Segment Open
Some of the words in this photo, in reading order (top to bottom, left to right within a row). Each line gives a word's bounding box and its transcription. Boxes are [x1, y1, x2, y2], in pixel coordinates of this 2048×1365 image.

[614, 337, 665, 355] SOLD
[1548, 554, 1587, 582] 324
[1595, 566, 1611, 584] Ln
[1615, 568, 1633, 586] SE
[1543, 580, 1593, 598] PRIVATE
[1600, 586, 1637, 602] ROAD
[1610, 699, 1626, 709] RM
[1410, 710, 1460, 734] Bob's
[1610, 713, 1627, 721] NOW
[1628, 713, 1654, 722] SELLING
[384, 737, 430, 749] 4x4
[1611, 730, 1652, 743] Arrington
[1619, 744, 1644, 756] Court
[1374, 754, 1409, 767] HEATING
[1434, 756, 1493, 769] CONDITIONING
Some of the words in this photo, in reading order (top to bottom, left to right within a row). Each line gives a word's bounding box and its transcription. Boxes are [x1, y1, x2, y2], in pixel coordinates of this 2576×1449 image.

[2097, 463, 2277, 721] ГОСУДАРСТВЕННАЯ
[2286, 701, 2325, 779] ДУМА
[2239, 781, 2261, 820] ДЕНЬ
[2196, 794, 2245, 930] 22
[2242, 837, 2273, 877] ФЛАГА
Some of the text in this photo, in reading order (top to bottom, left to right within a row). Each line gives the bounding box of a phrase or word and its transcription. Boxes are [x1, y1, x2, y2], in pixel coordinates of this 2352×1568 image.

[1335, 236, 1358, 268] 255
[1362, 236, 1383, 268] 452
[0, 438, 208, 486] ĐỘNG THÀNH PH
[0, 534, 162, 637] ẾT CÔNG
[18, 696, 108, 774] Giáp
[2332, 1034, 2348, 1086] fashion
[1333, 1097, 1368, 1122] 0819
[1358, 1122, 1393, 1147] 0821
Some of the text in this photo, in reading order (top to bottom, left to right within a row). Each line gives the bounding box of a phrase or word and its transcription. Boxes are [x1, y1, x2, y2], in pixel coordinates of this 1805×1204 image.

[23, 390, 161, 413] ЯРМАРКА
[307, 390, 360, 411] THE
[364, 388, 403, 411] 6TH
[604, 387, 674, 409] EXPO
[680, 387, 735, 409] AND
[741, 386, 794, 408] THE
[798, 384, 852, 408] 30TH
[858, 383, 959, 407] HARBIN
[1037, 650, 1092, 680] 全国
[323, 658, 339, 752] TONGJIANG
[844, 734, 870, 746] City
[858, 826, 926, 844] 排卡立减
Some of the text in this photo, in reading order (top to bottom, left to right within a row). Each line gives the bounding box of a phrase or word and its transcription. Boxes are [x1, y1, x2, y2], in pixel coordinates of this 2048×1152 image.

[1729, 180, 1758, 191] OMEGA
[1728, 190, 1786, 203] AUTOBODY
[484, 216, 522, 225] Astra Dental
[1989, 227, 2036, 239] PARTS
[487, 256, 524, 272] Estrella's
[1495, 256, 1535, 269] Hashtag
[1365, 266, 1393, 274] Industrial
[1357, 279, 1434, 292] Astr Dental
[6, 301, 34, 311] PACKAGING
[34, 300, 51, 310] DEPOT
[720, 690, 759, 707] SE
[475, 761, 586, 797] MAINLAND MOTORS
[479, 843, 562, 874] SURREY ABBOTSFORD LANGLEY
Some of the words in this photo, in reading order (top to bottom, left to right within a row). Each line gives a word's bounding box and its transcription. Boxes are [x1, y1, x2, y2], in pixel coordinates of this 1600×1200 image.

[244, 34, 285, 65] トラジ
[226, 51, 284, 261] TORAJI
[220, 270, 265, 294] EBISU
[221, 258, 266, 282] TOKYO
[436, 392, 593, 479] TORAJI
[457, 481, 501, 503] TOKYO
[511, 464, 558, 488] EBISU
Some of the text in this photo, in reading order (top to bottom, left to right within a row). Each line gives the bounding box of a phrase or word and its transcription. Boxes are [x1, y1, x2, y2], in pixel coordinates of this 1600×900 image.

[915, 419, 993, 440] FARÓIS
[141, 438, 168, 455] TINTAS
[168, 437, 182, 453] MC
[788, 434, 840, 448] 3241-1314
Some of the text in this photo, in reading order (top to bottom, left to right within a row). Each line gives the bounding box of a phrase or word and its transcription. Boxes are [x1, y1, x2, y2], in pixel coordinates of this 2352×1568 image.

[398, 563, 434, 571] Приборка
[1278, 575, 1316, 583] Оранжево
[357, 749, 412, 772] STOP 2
Segment Closed
REQUIRED ACTION:
Copy every record verbatim.

TASK RESULT:
Some of the words in this photo, in reading order (top to bottom, left to right within a row). Each line gives a word's bounding box and its transcription. Boxes are [x1, y1, x2, y2], in pixel coordinates of this 2048×1365 image.

[614, 337, 665, 355] SOLD
[1548, 554, 1587, 582] 324
[1595, 566, 1611, 584] Ln
[1615, 568, 1633, 586] SE
[1543, 580, 1593, 598] PRIVATE
[1600, 586, 1637, 602] ROAD
[1610, 699, 1626, 709] RM
[1410, 710, 1460, 734] Bob's
[1610, 713, 1627, 721] NOW
[1628, 713, 1654, 722] SELLING
[384, 737, 430, 749] 4x4
[1611, 730, 1652, 743] Arrington
[1619, 744, 1644, 756] Court
[1374, 754, 1409, 767] HEATING
[1434, 756, 1493, 769] CONDITIONING
Some of the words in this photo, in reading order (top to bottom, left to right within a row). Each line gives a word's bounding box and its transcription. Boxes are [x1, y1, x2, y2], in pixel coordinates of this 2576×1449 image.

[2097, 463, 2277, 721] ГОСУДАРСТВЕННАЯ
[2286, 701, 2325, 779] ДУМА
[2239, 781, 2261, 820] ДЕНЬ
[2196, 794, 2245, 930] 22
[2242, 837, 2273, 877] ФЛАГА
Some of the text in this photo, in reading order (top to bottom, left to right within a row). Each line gives the bounding box of a phrase or word and its transcription. Boxes are [x1, y1, x2, y2], in pixel coordinates of this 2352×1568 image.

[1335, 236, 1358, 268] 255
[1362, 236, 1383, 268] 452
[0, 438, 208, 486] ĐỘNG THÀNH PH
[0, 534, 162, 637] ẾT CÔNG
[18, 696, 108, 774] Giáp
[2332, 1034, 2348, 1086] fashion
[1333, 1097, 1368, 1122] 0819
[1358, 1122, 1393, 1147] 0821
Some of the text in this photo, in reading order (top to bottom, left to right within a row). Each line gives the bounding box of a phrase or word and its transcription. Boxes are [x1, y1, x2, y2], in pixel coordinates of this 1805×1204 image.

[23, 390, 161, 413] ЯРМАРКА
[307, 390, 360, 411] THE
[364, 388, 403, 411] 6TH
[604, 387, 674, 409] EXPO
[680, 387, 735, 409] AND
[741, 386, 794, 408] THE
[798, 384, 852, 408] 30TH
[858, 383, 959, 407] HARBIN
[1037, 650, 1092, 680] 全国
[323, 658, 339, 752] TONGJIANG
[844, 734, 870, 746] City
[858, 826, 926, 844] 排卡立减
Some of the text in this photo, in reading order (top to bottom, left to right within a row). Each line gives the bounding box of a phrase or word and its transcription. Boxes are [x1, y1, x2, y2], in pixel coordinates of this 2048×1152 image.

[1729, 180, 1758, 191] OMEGA
[1728, 190, 1786, 203] AUTOBODY
[484, 216, 522, 225] Astra Dental
[1989, 227, 2036, 239] PARTS
[487, 256, 524, 272] Estrella's
[1495, 256, 1535, 269] Hashtag
[1365, 266, 1393, 274] Industrial
[1357, 279, 1434, 292] Astr Dental
[6, 301, 34, 311] PACKAGING
[34, 300, 51, 310] DEPOT
[720, 690, 759, 707] SE
[475, 761, 586, 797] MAINLAND MOTORS
[479, 843, 562, 874] SURREY ABBOTSFORD LANGLEY
Some of the words in this photo, in reading order (top to bottom, left to right within a row). Each line gives a word's bounding box and its transcription. Boxes are [x1, y1, x2, y2], in pixel coordinates of this 1600×1200 image.

[244, 34, 285, 65] トラジ
[226, 51, 284, 261] TORAJI
[220, 270, 265, 294] EBISU
[221, 258, 266, 282] TOKYO
[436, 392, 593, 479] TORAJI
[457, 481, 501, 503] TOKYO
[511, 464, 558, 488] EBISU
Some of the text in this photo, in reading order (top to bottom, left to right within a row). Each line gives the bounding box of a phrase or word and its transcription. Boxes are [x1, y1, x2, y2], in pixel coordinates of this 1600×900 image.

[915, 419, 993, 440] FARÓIS
[141, 438, 168, 455] TINTAS
[168, 437, 182, 453] MC
[788, 434, 840, 448] 3241-1314
Some of the text in this photo, in reading order (top to bottom, left to right within a row). Each line gives the bounding box of a phrase or word and its transcription. Boxes are [x1, y1, x2, y2], in pixel coordinates of this 2352×1568 image.

[398, 563, 434, 571] Приборка
[1278, 575, 1316, 583] Оранжево
[357, 749, 412, 772] STOP 2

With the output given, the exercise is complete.